California is struggling for a solution as the state faces an estimated $18 billion budget deficit and health care shortfalls due to federal cuts. A Republican-backed tax and spending bill signed last year by President Trump shifted federal funding away from safety net programs toward tax cuts and immigration enforcement.
Carl Davis, research director at the Institute on Taxation and Economic Policy, said the idea is gaining momentum across the country, with states like Maryland, Minnesota and New Hampshire even considering repealing it in recent years due to growing awareness of profit shifting — a loophole in the offshore tax that some corporations use to reduce their tax burden by shifting profits made in a high-tax country to a tax haven.
“When people hear that these companies are pretending they’re making their profits in the Cayman or Switzerland and avoiding paying U.S. taxes as a result, they get angry,” he said. “It seems insulting to the many people who are paying the taxes they owe every day.”
During an informational hearing in the Legislature last month, Rowan Isaac, an economist with the non-partisan Legislative Analyst’s Office, said the state does not know the extent to which corporations use profit shifting, making it impossible to determine how much revenue California would gain from eliminating the waterfront tax exemption. But he estimated it would bring “billions in the single digits” to the state each year.

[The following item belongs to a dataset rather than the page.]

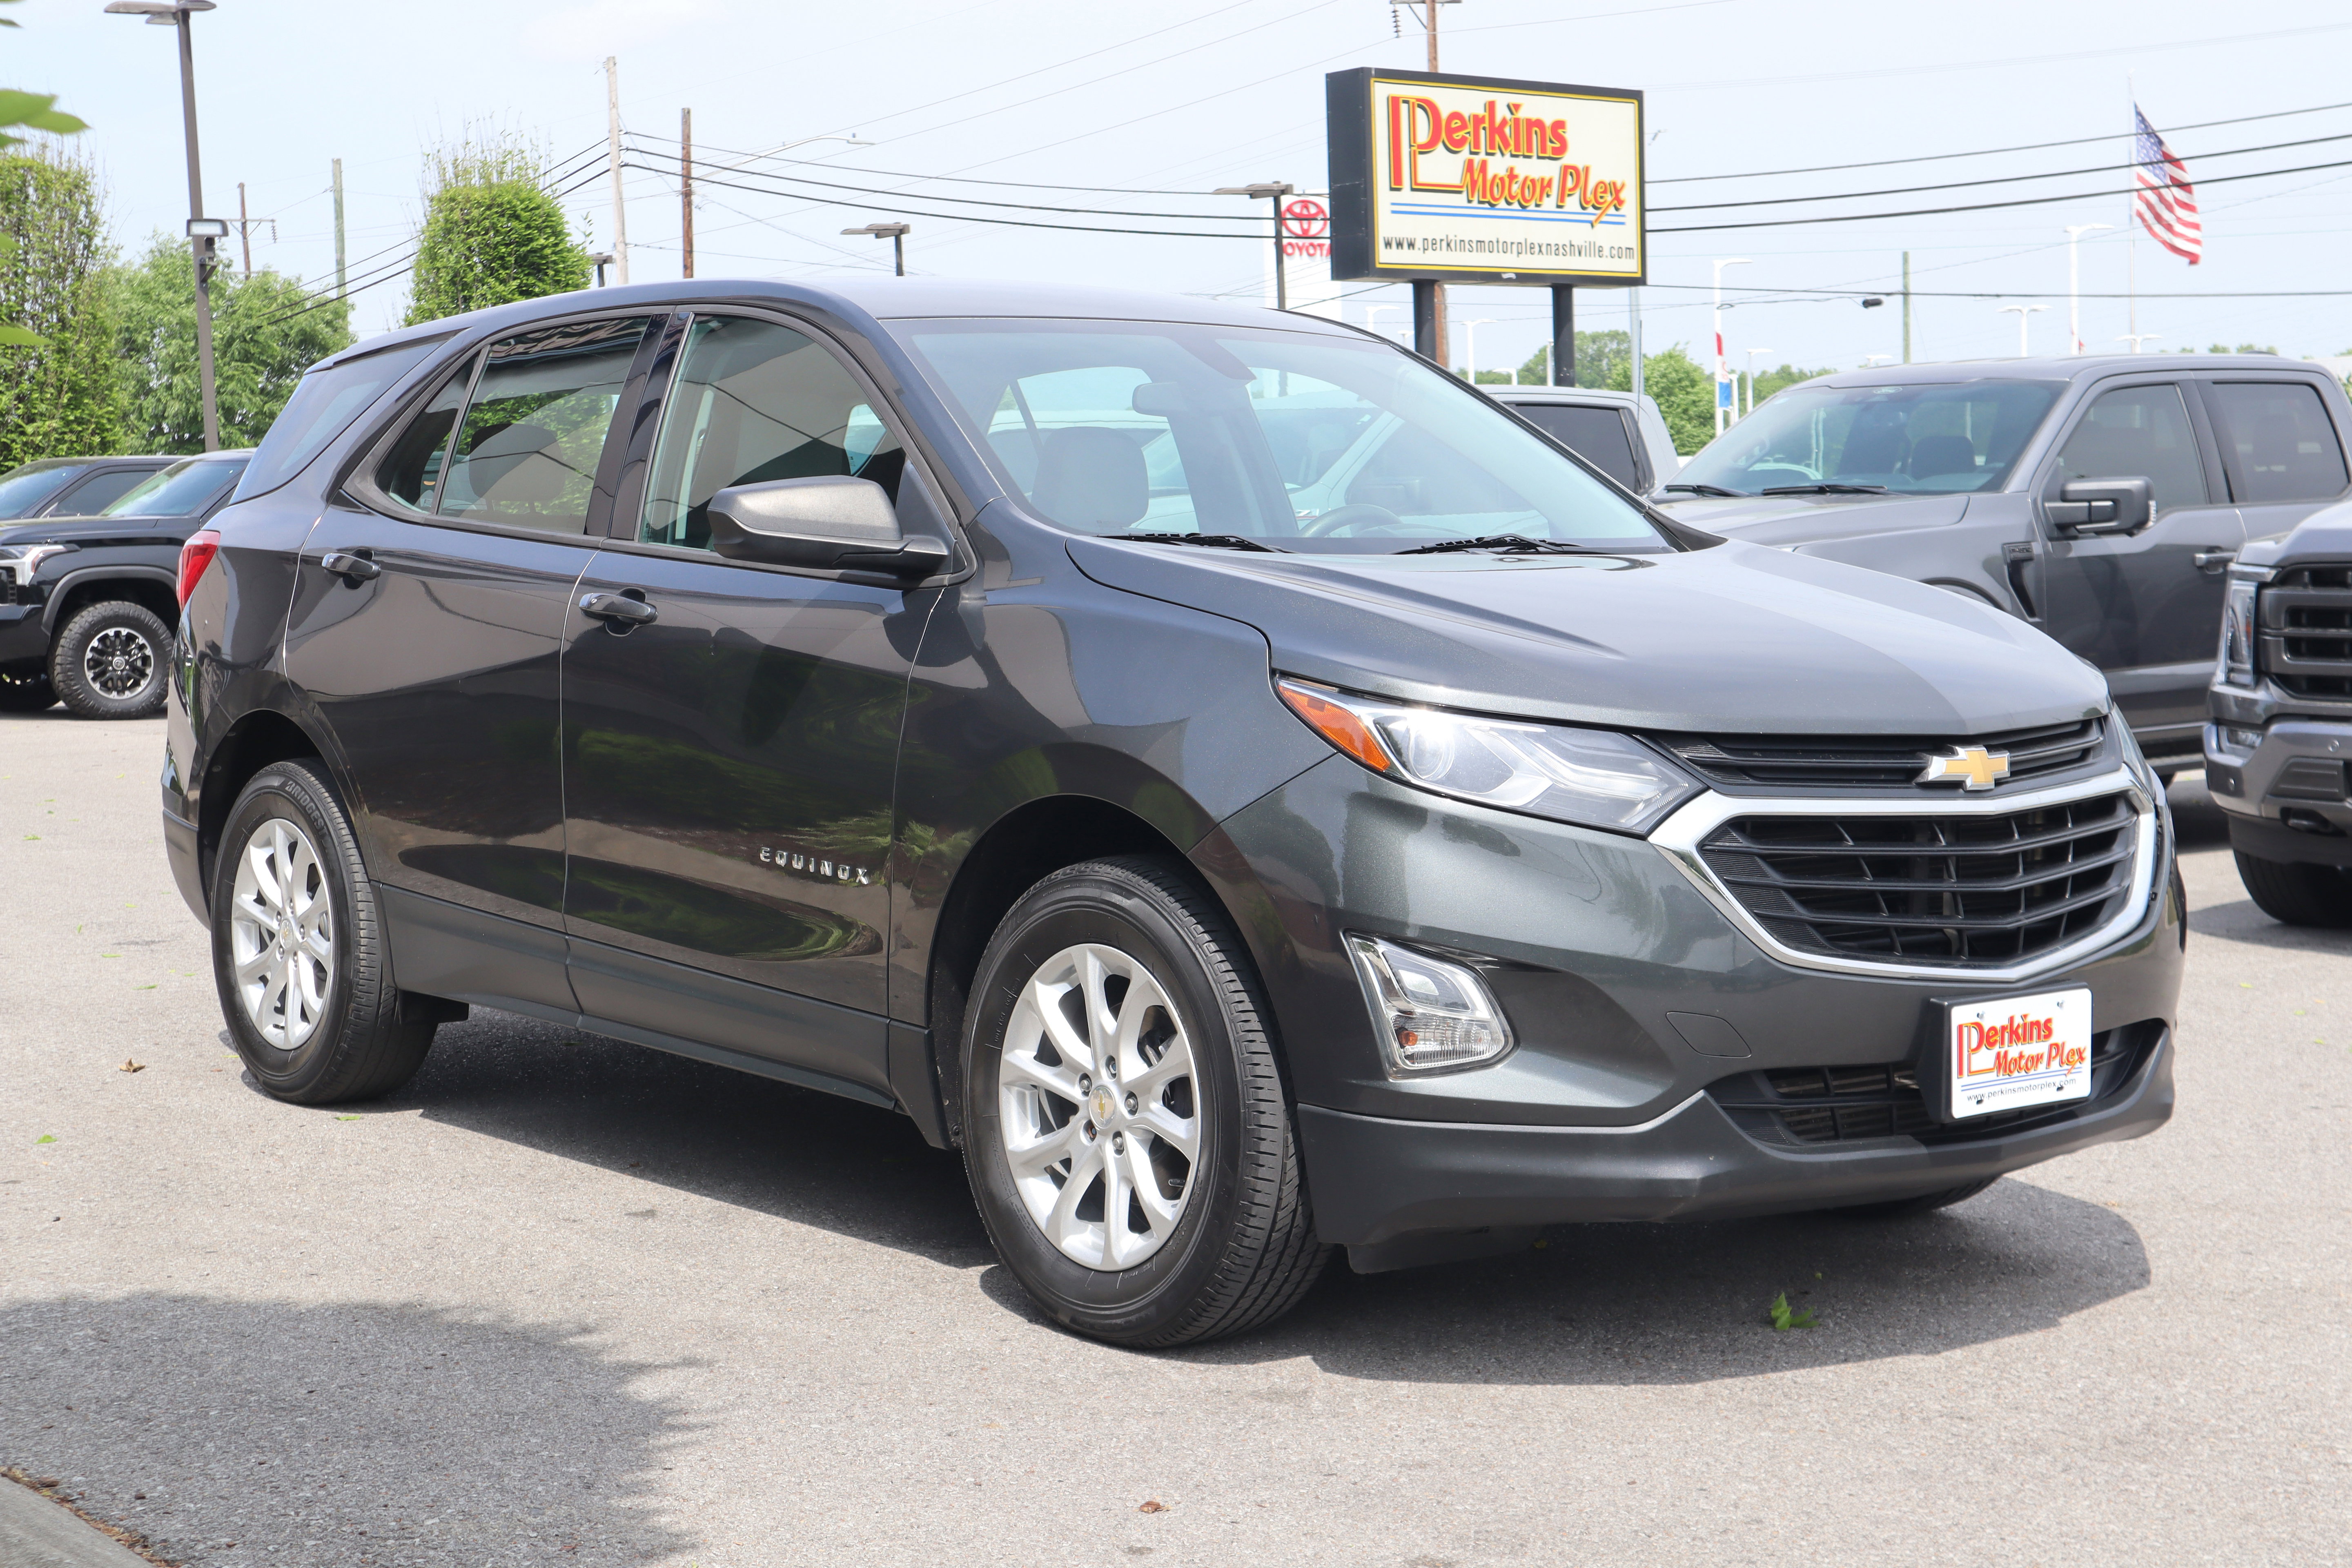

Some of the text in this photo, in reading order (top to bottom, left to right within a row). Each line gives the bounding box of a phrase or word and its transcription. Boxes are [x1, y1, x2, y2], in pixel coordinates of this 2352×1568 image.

“While there would be revenue gains, the Legislature faces a trade-off between broadening the tax base while managing additional uncertainty,” Isaacs said, explaining that this could increase budget volatility as foreign earnings are more sensitive to global economic conditions.
Issac said the Legislative Analyst’s Office found no strong evidence that companies would flee California if the water border tax exemption were repealed.
Jennifer Barton, director of the Legislative Services Bureau of the California Franchise Tax Board, told legislators that mandating worldwide reporting would not be difficult for the state from an administrative standpoint, only requiring some additional outreach or educational efforts.
Jared Walczak, visiting fellow at the California Tax Foundation, said the waterside option exists for a reason and it would be unfair to mandate reporting worldwide. “The vast majority of activity abroad is real economic activity abroad,” he told MPs. “Companies don’t just exist in the United States; they sell, they manufacture, they operate overseas.”
A last year survey The nonpartisan Pew Research Center revealed that 63% of adult Americans believe larger corporations or businesses should pay more in taxes, while 19% want corporate taxes to be lower and 17% believe corporate tax policy should remain the same.
Tech companies appear to be particularly aggressive about profit shifting. Six US multinational corporations – Apple, Cisco, eBay, Facebook, Google and Microsoft – may have underpaid their US corporate income taxes by $277 billion over different periods from 2009 to 2022. for a report From the Center on budget and policy priorities.
Repealing the water border tax exemption isn’t the only tax-related proposal being considered as the state looks to raise revenue. The Billionaire Tax Act is a controversial proposed state ballot initiative that would impose a one-time, 5% tax on state billionaires to help offset federal cuts. Newsom is among its critics.
Davis believes that no matter the outcome of the bill this year, it will remain a hot topic.
“There’s very good reason to think that this (repeal) is going to happen at some point,” he said. “This is a debate that is certainly not going to go away.”